Император являлся также покровителем литургического богословия Востока. Возведением храма Святой Софии в Константинополе были «возвеличены и Бог, и император»: Бог — за дарование победы, а император- за его «великодушие, ум и веру». Здесь поклонение Богу и культ Богородицы получили удачное художественное воплощение. Этот литургический и архитектурный вклад имел параллель в богословии Юстиниана. Он признавал литургические истоки богословских формулировок и считал: «Почти весь наш спор о вере проистекает из нашего убеждения в том, что Мария есть Богородица». И наоборот: где ложное учение, там и ложное поклонение. Поэтому Юстиниан и выдвинул довольно неубедительное обвинение против Оригена, говоря, что тот «в самый момент своего мученичества отверг Христа и поклонился многим богам греков». Обращаясь к более ранним евхаристическим аргументам в пользу богословия ипостасного союза, Юстиниан определял членов кафолической Церкви как тех, кто, «исповедуя, что Бог Логос, будучи одним от Троицы, воплотился и вочеловечился, вкушают Его тело и кровь ради оставления грехов и жизни вечной», как обещано в Ин 6:54.
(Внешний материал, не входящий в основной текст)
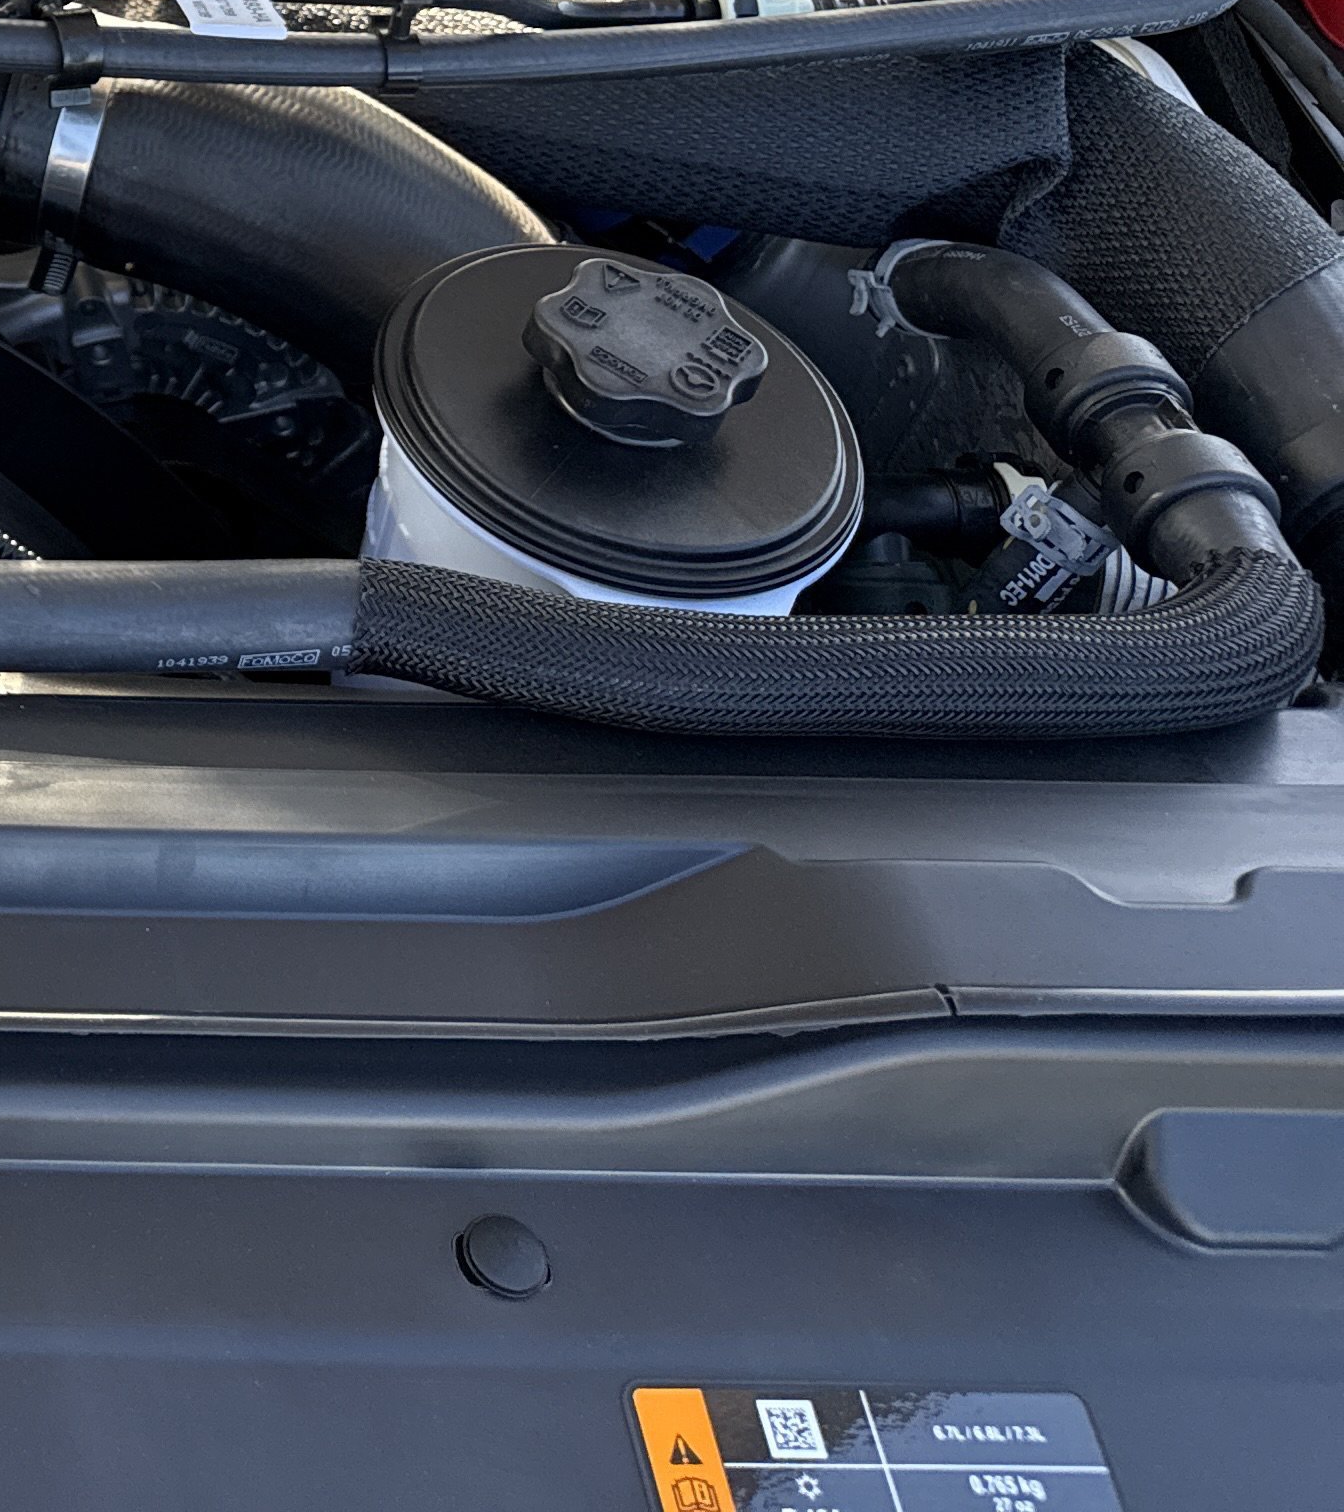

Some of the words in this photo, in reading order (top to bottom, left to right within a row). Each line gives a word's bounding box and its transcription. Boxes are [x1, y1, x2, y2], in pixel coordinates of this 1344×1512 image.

[157, 654, 229, 669] 1041939
[240, 650, 318, 669] FoMoCo
[1017, 1475, 1047, 1501] kg
Выражение «один от Троицы» было отзвуком литургической и догматической полемики по поводу правильной формы «Трисвятого», в которой проявилась тесная связь между богослужением и вероучением. Согласно Юстиниану, Севир осмеливался говорить, что «Трисвятое» обращено только к Сыну, а не также к Отцу и Святому Духу. «Думая, что они поклоняются Сыну, они оскорбляют Его своим невежеством, не поклоняясь Ему тем же поклонением, что и Отцу и Святому Духу». От отцов было принято толкование изначального Трисвятого — в Ис 6:3 — как «славословия Святой Троицы». Правило молитвы, как сказал Проспер, должно устанавливать правило веры. Это правило относилось ко всей Церкви и было решающим фактором в тринитарных спорах, в которых поклонение, обращенное ко Христу, и тринитарная доксология, включавшая Святого Духа, помогли установлению учения, согласно которому Христос и Святой Дух единосущны Отцу. Иконоборческие споры VIII и IX веков снова покажут, насколько существенно для восточного вероучения это соответствие между правилом молитвы и правилом веры.